Selling ‘bu’lul’ nearly changed Ifugao lives

GODS FOR SALE Once meant only for agriculture, “bu’lul” statues have become souvenirs for tourists, much like the baskets woven for visitors of Ifugao’s rice terraces. —KARLSTON LAPNITEN

KIANGAN, Ifugao — In December 2015, an Ifugao artifact owned by a New York collector sold for the equivalent of P1.95 million at an auction in Paris.

But few people who participated in that auction may have been aware that what had been sold was a god.

The “bu’lul di Namtogan” (god of Namtogan), 69 centimeters in height, could have been one of the deities and spirits that have long held sway over the Ifugao and their rice terrace culture.

The Ifugao believe that about 2,000 deities have great influence on every aspect of their life, from birth to death.

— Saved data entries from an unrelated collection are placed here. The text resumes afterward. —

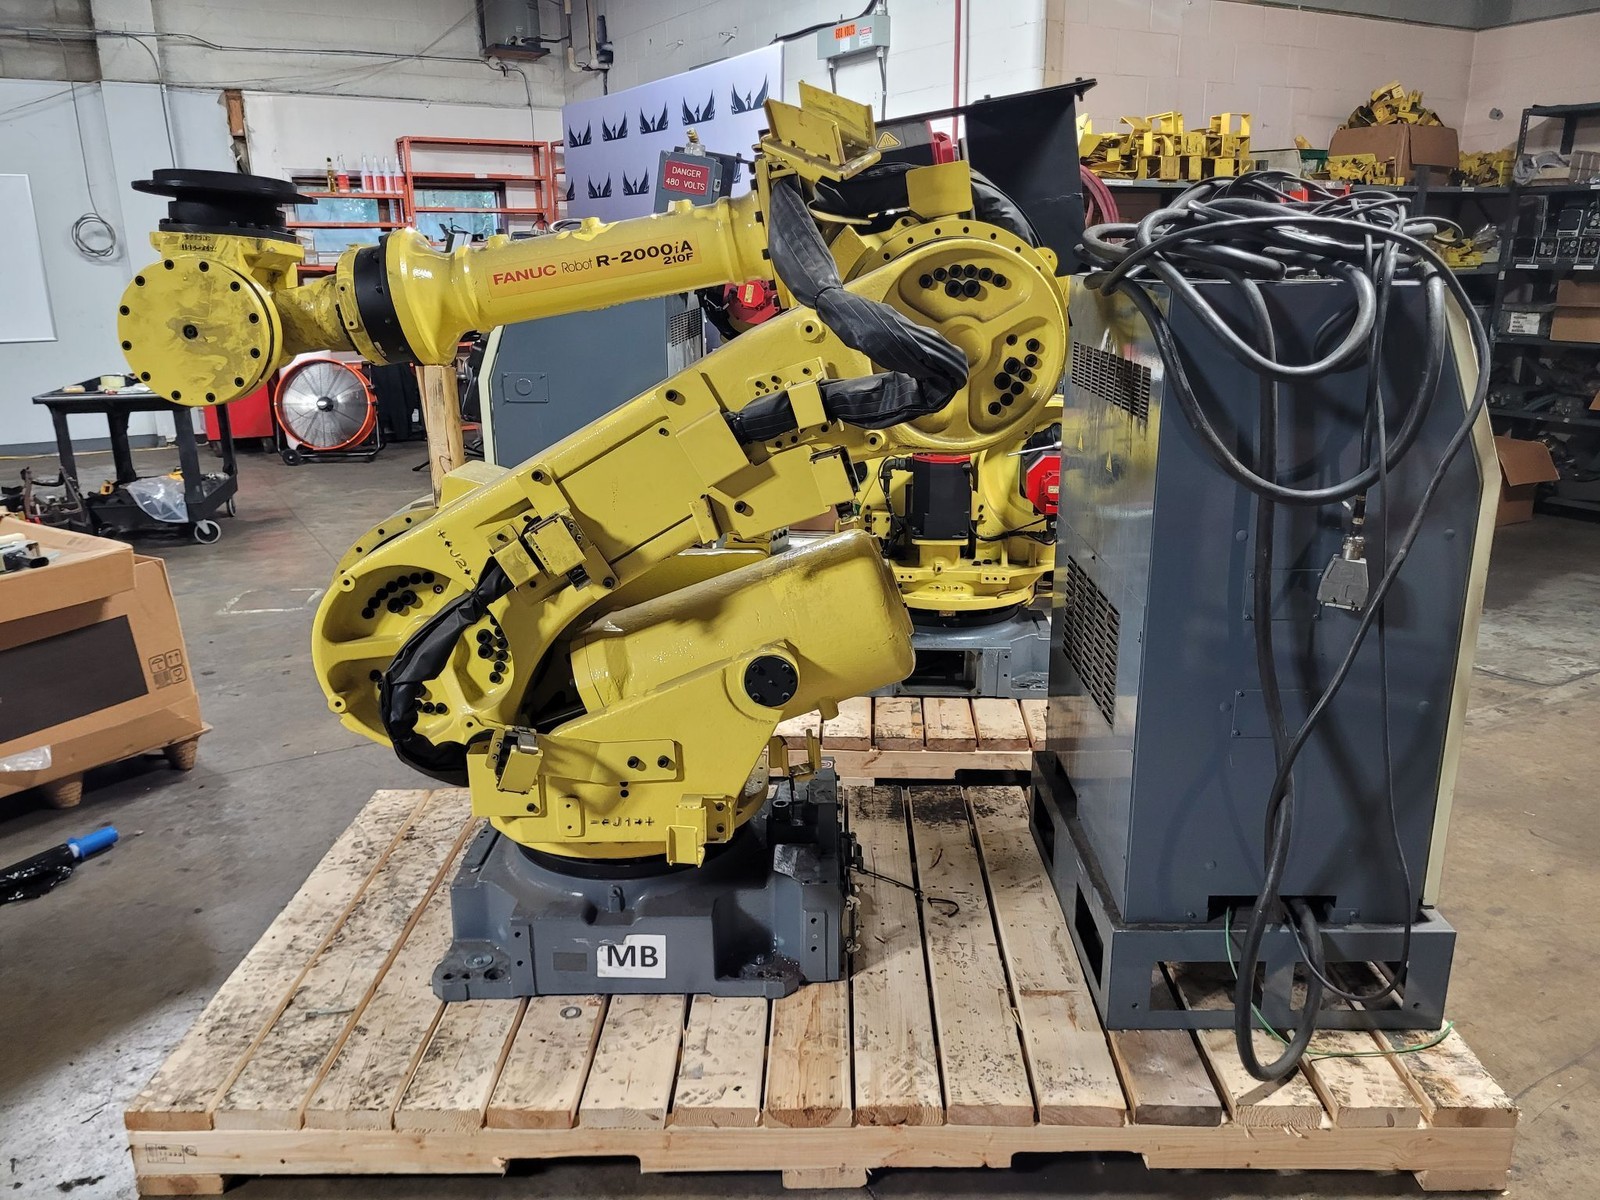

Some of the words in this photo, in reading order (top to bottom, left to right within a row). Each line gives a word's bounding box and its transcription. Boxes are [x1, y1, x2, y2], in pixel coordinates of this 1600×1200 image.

[671, 166, 702, 178] DANGER
[665, 177, 680, 187] 480
[683, 180, 706, 191] VOLTS
[493, 264, 557, 285] FANUC
[561, 257, 593, 274] Robot
[596, 240, 693, 267] R-2000iA
[663, 252, 694, 265] 210F
[607, 945, 659, 968] MB

Of these deities, the bu’lul are the only divine beings that are represented in stone or wood, in which they dwell.

Human characteristics

The more familiar statues were patterned after the bu’lul carved by Taguiling, who first gave the carvings their detailed human characteristics. Taguiling was a 19th century woodcarver from Barangay Cababuyan, Hingyon town, Ifugao province.

Typical bu’lul are depicted standing or hunched with arms clasping their knees like Namtogan.

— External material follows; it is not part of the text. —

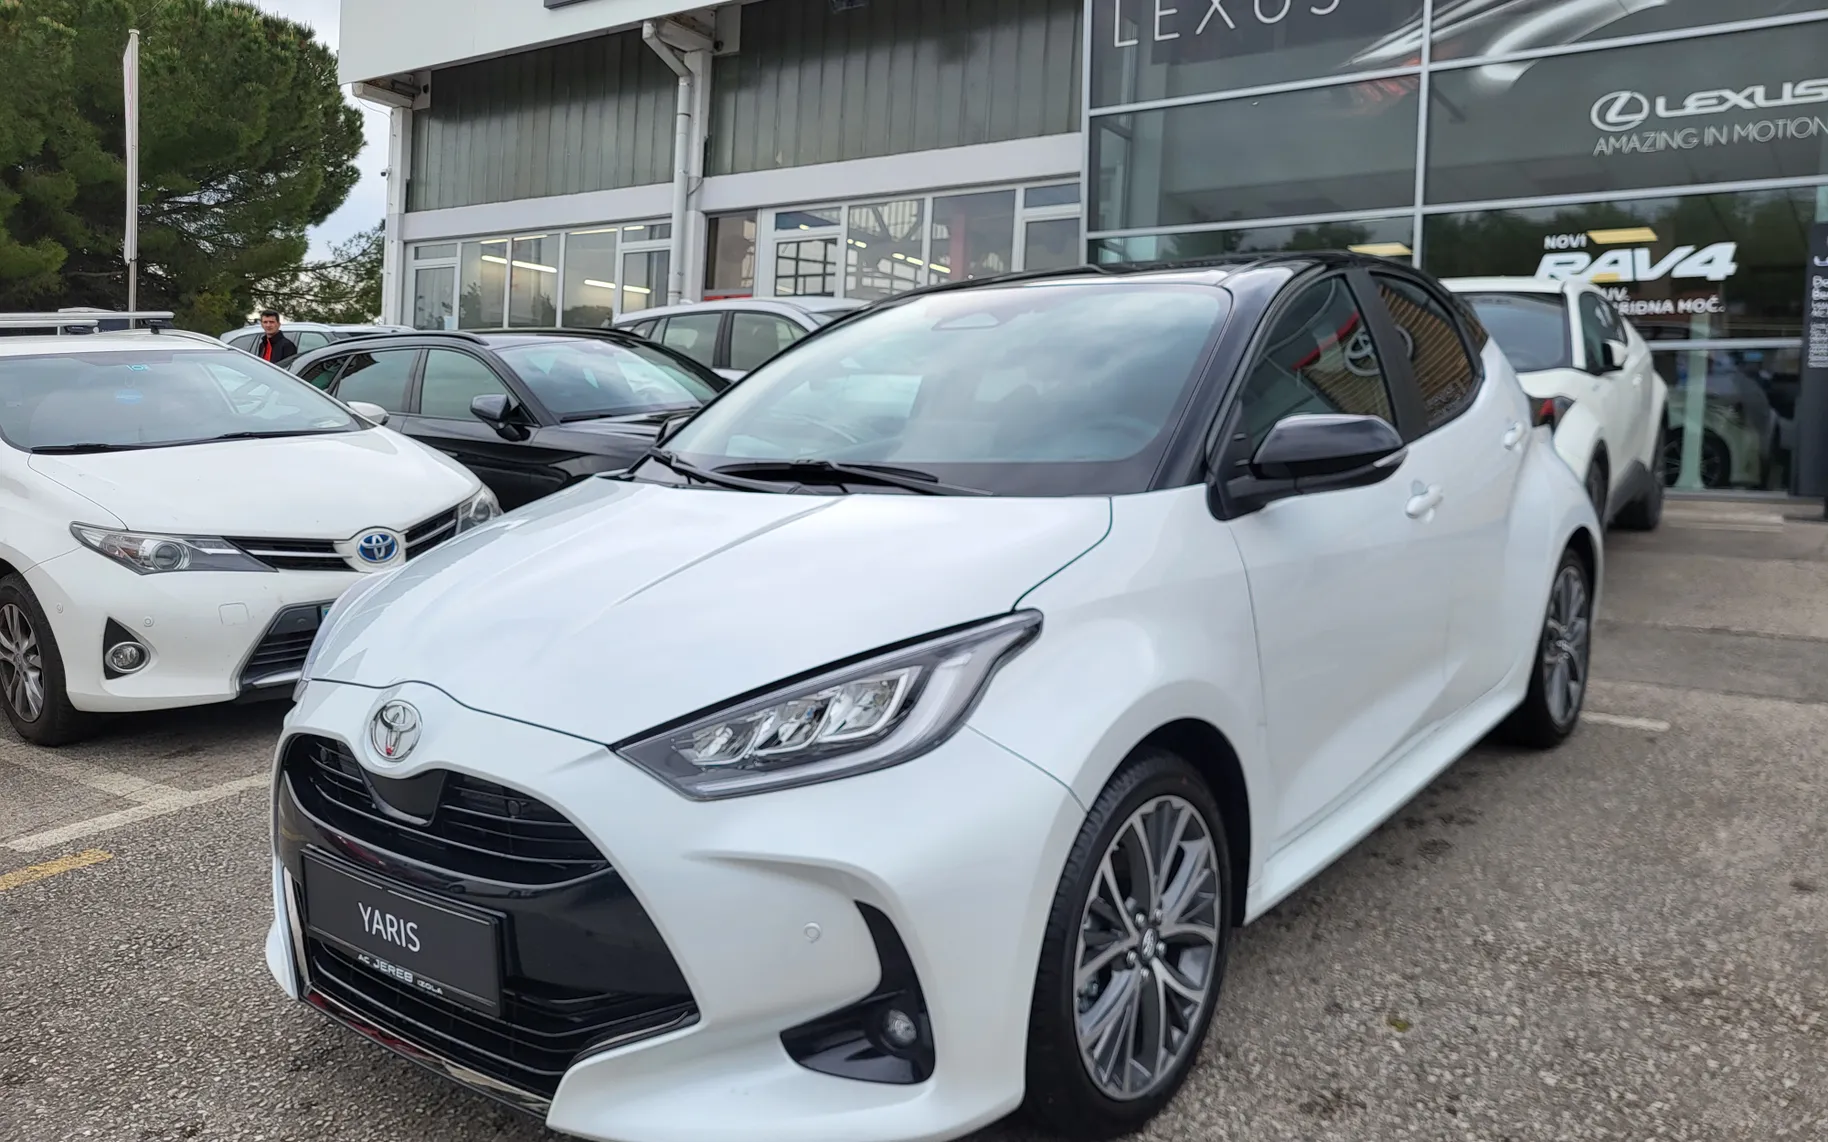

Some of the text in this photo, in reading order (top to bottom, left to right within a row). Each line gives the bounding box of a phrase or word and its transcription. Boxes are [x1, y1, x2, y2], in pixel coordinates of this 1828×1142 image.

Some bu’lul have glass or shells for eyes and tufts of hair attached to their wooden head. The town of Kiangan, considered the cradle of Ifugao culture, has a unique “dancing” bu’lul, with its arms stretched sideways.

Ages ago, the economic stature of a village relied on the good graces of the bu’lul, according to Marlon Martin, chief operating officer of Save the Ifugao Terraces Movement (Sitmo), a cultural advocacy group.

“Rituals need to be performed by ‘mumbaki’ (priests) in every phase of the agricultural cycle so the community can receive a bountiful harvest,” Martin said.

After the rituals, the bu’lul are placed inside the house or the “alang” (rice granary) to serve as sentinels. The bu’lul can also be invoked to heal a loved one.

If a bu’lul is neglected, a person or an entire clan can suffer “kalat di bu’lul” (curse of the god), which comes in the form of a degenerative disease or is experienced through unending misfortune that is passed down to the next generations.

Gods for sale

At the start of the 1900s, Americans started buying artifacts to satisfy their curiosity, having just acquired the Philippines from Spain.

Many antique and heirloom bu’lul ended up in the possession of private collectors and ethnographic museums.

American collector John Kuiper, for example, has 82 bu’lul, classified as “authentic artifacts used for traditional purposes” based on a certificate of registration of cultural property issued by the National Museum of the Philippines.

Poverty and the introduction of Christianity made it easy for some Ifugao families to give up their heirloom articles. Many of them depended on the heirloom grains called “tinawon,” which are grown on rice terraces only once a year, according to Manuel Cayong, an elder and broker of artifacts from Hingyon.

“Families gave up [their bu’lul] when they embraced Christianity and got the money they needed,” said Cayong, who also used to make souvenir items.

He said he lost count of the number of bu’lul he helped sell since 1972.

A controversial point of view still expressed here is that Christianity had saved bu’lul owners from performing rituals that left them impoverished. Many rituals required expensive animal sacrifices and feasts.

The sale of artifacts helped young Ifugao earn professional degrees.

Martin said his grandparents sold their ancestral stone bu’lul and made enough money to pay for the education of his mother and her siblings.

Fake gods

Artifact hunting was briefly hampered when fake bu’lul surfaced in the 1990s, said a former antique dealer from Diffun town in Quirino province.

The dealer, who did not want to be named, said he sold about 50 bu’lul as well as “pun’amhan” and “tingab”—wooden boxes used by mumbaki in performing rituals.

His most popular items sold were the standing bu’lul from Banaue town, one of which was bought by a French doctor for P925,000 in 1995.

He said he gave up the trade in 2005 after his clients began to buy artifacts directly from Ifugao villagers.

Twenty years of antique hunting also forced him to seek the help of mumbaki to undo “curses” he believed he acquired from selling bu’lul.

Many old bu’lul carvings being sold today have not been used or consecrated by mumbaki, said Martin, who is the steward of his family’s remaining bu’lul.

Genuine antiques in good condition can go for up to P1 million, he said, as these hav been passed down from generations and required their owners to pay for lavish rituals to remove their sacred character.

Deconsecrating or retiring a bu’lul also means a host family must build and ritually cleanse a new statue, which becomes the deity’s new dwelling place.

Today some families still perform the rituals, often to cure ailments, said Fr. John Habawel, parish priest of St. Mary Magdalene in the Ifugao capital of Lagawe.

Habawel said the belief in the powers of bu’lul and other worldly beings was not easy to ignore.

The Catholic Church, he added, has taken pains to teach communities that rituals, spirits and the bu’lul should be cherished as part of their rich culture and history.